Implemented example image compression model.

Johannes Ballé · Johannes Ballé · commit accedfc60615 · 2018-07-26T20:12:05.000-07:00
diff --git a/README.md b/README.md
@@ -10,13 +10,39 @@ For usage questions and discussions, please head over to our
 **Please note**: You need TensorFlow 1.9 (or the master branch as of May 2018)
 or later.
 
-To make sure the library imports succeed, try running the unit tests.
-```
+To make sure the library imports succeed, try running the unit tests:
+
+```bash
 for i in tensorflow_compression/python/*/*_test.py; do
   python $i
 done
 ```
 
+## Example model
+
+The `examples` directory contains an implementation of the image compression
+model described in:
+
+> J. Ballé, V. Laparra, E. P. Simoncelli:
+> "End-to-end optimized image compression"
+> https://arxiv.org/abs/1611.01704
+
+To see a list of options, change to the directory and run:
+
+```bash
+python BLS2017.py -h
+```
+
+To train the model, you need to supply it with a dataset of RGB training images.
+They should be provided in PNG format and must all have the same shape.
+Following training, the python script can be used to compress and decompress
+images as follows:
+
+```bash
+python BLS2017.py [options] compress original.png compressed.bin
+python BLS2017.py [options] decompress compressed.bin reconstruction.png
+```
+
 ## Entropy bottleneck layer
 
 This layer exposes a high-level interface to model the entropy (the amount of
@@ -95,7 +121,7 @@ main_loss = 0.5 * tf.reduce_mean(squared_error) + tf.reduce_mean(bits)
 
 # Minimize loss and auxiliary loss, and execute update op.

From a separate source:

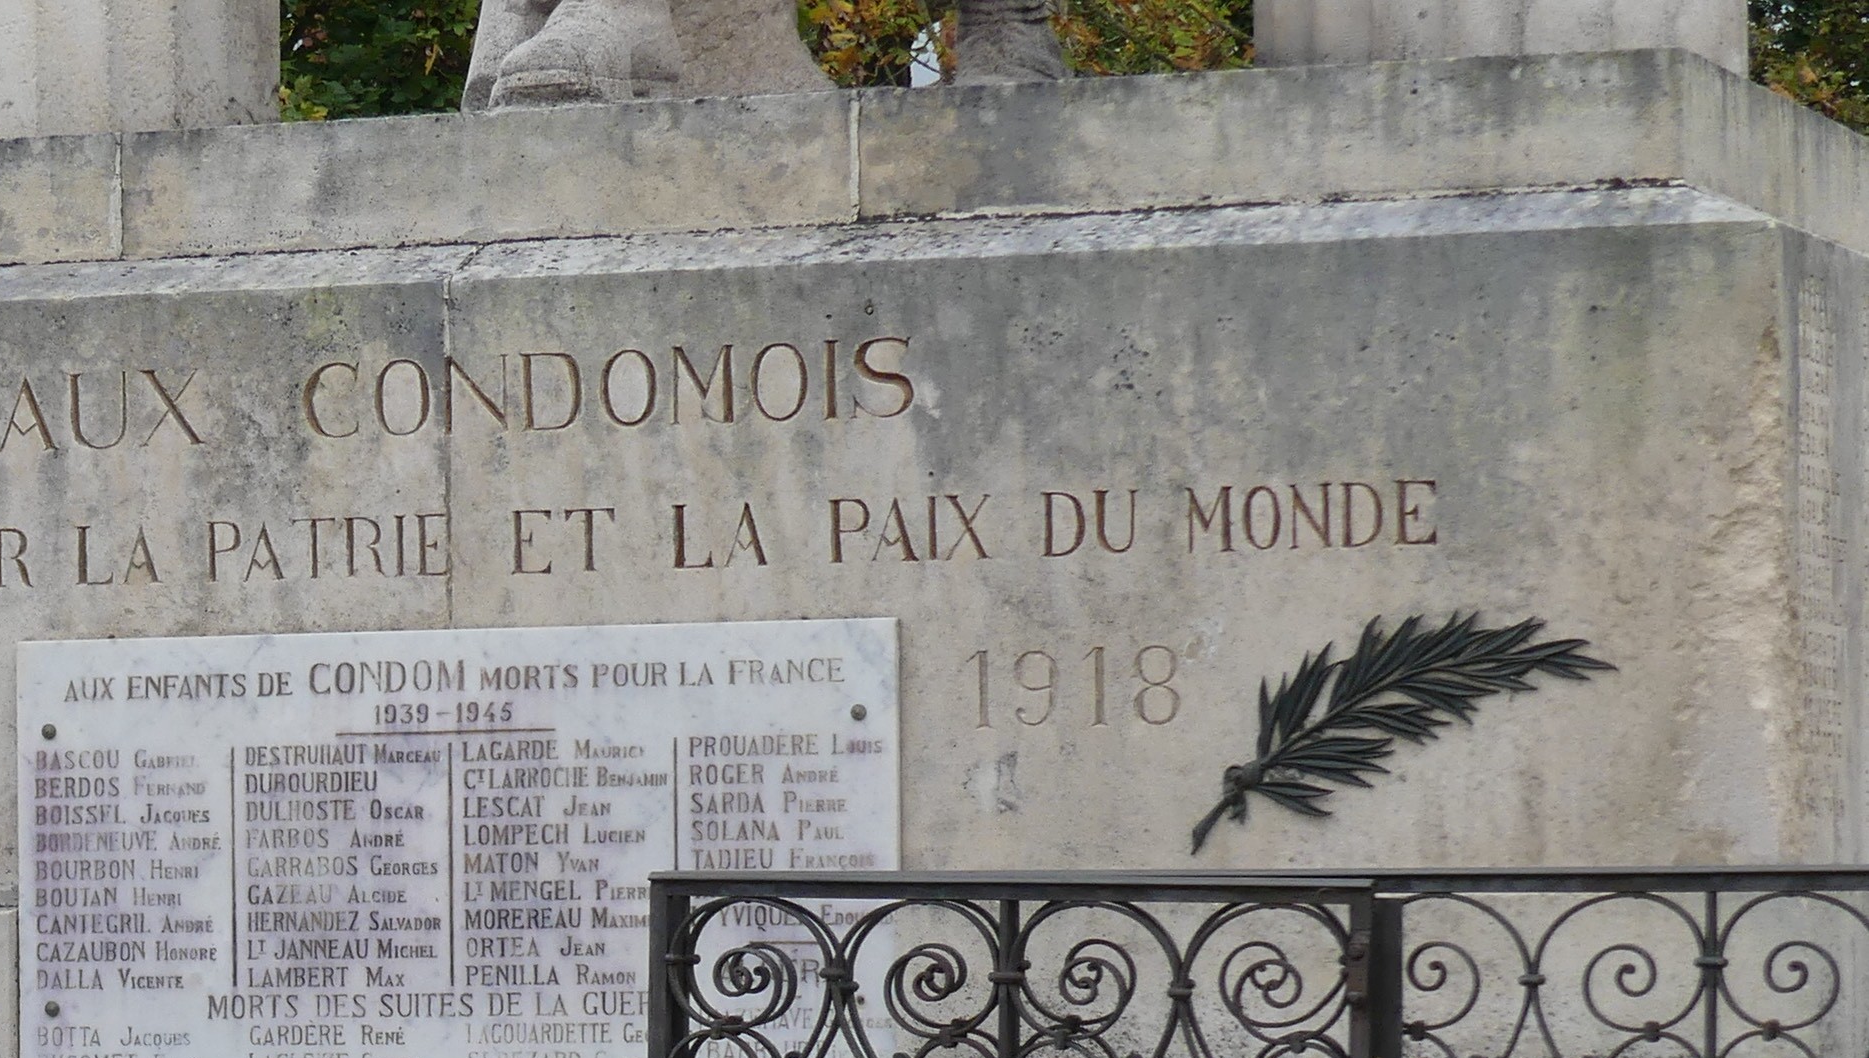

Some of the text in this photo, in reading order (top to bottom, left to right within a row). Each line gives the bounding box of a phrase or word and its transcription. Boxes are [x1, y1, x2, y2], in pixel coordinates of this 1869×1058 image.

 main_optimizer = tf.train.AdamOptimizer(learning_rate=1e-4)
-main_step = optimizer.minimize(main_loss)
+main_step = main_optimizer.minimize(main_loss)
 # 1e-3 is a good starting point for the learning rate of the auxiliary loss,
 # assuming Adam is used.
 aux_optimizer = tf.train.AdamOptimizer(learning_rate=1e-3)

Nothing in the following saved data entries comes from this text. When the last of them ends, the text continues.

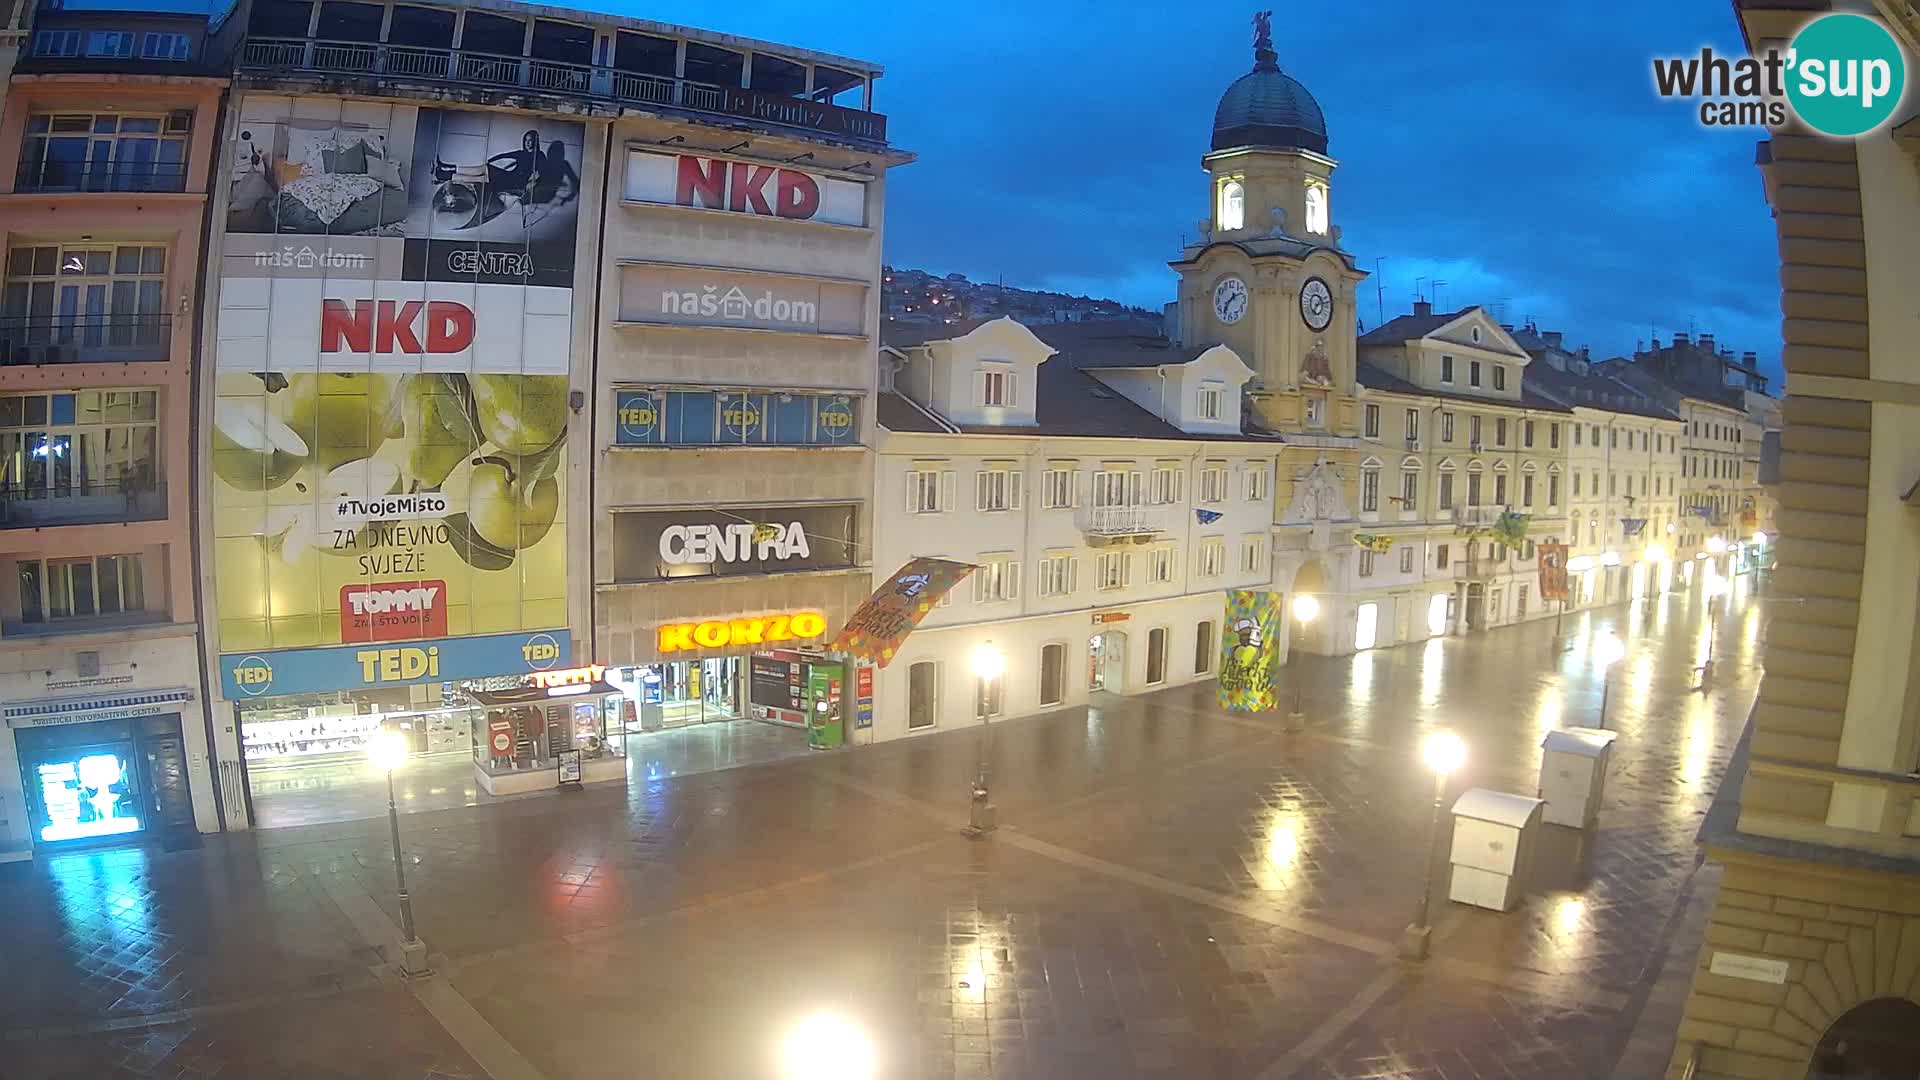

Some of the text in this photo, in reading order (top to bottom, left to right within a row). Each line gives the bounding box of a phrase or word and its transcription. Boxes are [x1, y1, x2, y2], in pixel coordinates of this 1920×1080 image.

[674, 154, 820, 220] NKD
[254, 245, 365, 269] naš dom
[447, 250, 534, 276] CENTRA
[661, 284, 816, 323] naš dom
[320, 298, 477, 354] NKD
[618, 408, 657, 425] TEDi
[722, 409, 760, 426] TEDi
[337, 497, 446, 516] #TvojeMisto
[333, 525, 450, 549] ZA DNEVNO
[659, 521, 810, 564] CENTRA
[358, 549, 426, 576] SVJEŽE
[348, 587, 438, 615] TOMMY
[379, 615, 399, 626] ŠTO
[658, 611, 826, 653] KORZO
[357, 646, 439, 682] TEDi
[522, 642, 560, 662] TEDi
[233, 666, 272, 685] TEDi
[534, 665, 606, 688] TOMMY

diff --git a/examples/BLS2017.py b/examples/BLS2017.py
@@ -0,0 +1,275 @@
+# -*- coding: utf-8 -*-
+# Copyright 2018 Google LLC. All Rights Reserved.
+#
+# Licensed under the Apache License, Version 2.0 (the "License");
+# you may not use this file except in compliance with the License.
+# You may obtain a copy of the License at
+#
+#     http://www.apache.org/licenses/LICENSE-2.0
+#
+# Unless required by applicable law or agreed to in writing, software
+# distributed under the License is distributed on an "AS IS" BASIS,
+# WITHOUT WARRANTIES OR CONDITIONS OF ANY KIND, either express or implied.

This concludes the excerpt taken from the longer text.